Stored data:

----

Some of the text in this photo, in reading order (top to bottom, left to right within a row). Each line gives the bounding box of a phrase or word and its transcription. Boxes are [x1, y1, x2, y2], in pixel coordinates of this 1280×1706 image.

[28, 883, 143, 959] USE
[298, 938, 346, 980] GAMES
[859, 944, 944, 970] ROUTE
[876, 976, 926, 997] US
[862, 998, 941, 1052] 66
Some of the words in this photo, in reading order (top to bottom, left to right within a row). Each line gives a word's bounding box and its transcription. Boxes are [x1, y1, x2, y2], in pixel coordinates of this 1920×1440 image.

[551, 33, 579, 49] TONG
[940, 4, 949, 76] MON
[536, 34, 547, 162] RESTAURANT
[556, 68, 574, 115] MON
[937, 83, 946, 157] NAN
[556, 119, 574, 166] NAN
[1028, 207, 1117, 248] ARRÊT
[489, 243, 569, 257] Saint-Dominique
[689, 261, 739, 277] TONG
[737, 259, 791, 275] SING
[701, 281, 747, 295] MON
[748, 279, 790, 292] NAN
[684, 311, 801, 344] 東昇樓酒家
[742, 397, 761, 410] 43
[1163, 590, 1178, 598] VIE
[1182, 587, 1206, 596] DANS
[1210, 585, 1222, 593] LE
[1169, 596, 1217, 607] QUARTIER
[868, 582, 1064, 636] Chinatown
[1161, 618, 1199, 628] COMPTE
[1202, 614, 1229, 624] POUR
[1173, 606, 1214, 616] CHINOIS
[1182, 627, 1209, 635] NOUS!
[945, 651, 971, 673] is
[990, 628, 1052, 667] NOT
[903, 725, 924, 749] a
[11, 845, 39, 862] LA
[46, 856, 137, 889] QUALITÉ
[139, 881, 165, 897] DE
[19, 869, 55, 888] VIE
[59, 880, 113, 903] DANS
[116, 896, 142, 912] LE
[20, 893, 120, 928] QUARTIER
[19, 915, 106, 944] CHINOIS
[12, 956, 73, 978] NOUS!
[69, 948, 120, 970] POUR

----

# DIRECTIONS
Could you return all of the entries exactly as they stand?

# ANSWER SECTION
Some of the text in this photo, in reading order (top to bottom, left to right within a row). Each line gives the bounding box of a phrase or word and its transcription. Boxes are [x1, y1, x2, y2], in pixel coordinates of this 1280×1706 image.

[28, 883, 143, 959] USE
[298, 938, 346, 980] GAMES
[859, 944, 944, 970] ROUTE
[876, 976, 926, 997] US
[862, 998, 941, 1052] 66
Some of the words in this photo, in reading order (top to bottom, left to right within a row). Each line gives a word's bounding box and its transcription. Boxes are [x1, y1, x2, y2], in pixel coordinates of this 1920×1440 image.

[551, 33, 579, 49] TONG
[940, 4, 949, 76] MON
[536, 34, 547, 162] RESTAURANT
[556, 68, 574, 115] MON
[937, 83, 946, 157] NAN
[556, 119, 574, 166] NAN
[1028, 207, 1117, 248] ARRÊT
[489, 243, 569, 257] Saint-Dominique
[689, 261, 739, 277] TONG
[737, 259, 791, 275] SING
[701, 281, 747, 295] MON
[748, 279, 790, 292] NAN
[684, 311, 801, 344] 東昇樓酒家
[742, 397, 761, 410] 43
[1163, 590, 1178, 598] VIE
[1182, 587, 1206, 596] DANS
[1210, 585, 1222, 593] LE
[1169, 596, 1217, 607] QUARTIER
[868, 582, 1064, 636] Chinatown
[1161, 618, 1199, 628] COMPTE
[1202, 614, 1229, 624] POUR
[1173, 606, 1214, 616] CHINOIS
[1182, 627, 1209, 635] NOUS!
[945, 651, 971, 673] is
[990, 628, 1052, 667] NOT
[903, 725, 924, 749] a
[11, 845, 39, 862] LA
[46, 856, 137, 889] QUALITÉ
[139, 881, 165, 897] DE
[19, 869, 55, 888] VIE
[59, 880, 113, 903] DANS
[116, 896, 142, 912] LE
[20, 893, 120, 928] QUARTIER
[19, 915, 106, 944] CHINOIS
[12, 956, 73, 978] NOUS!
[69, 948, 120, 970] POUR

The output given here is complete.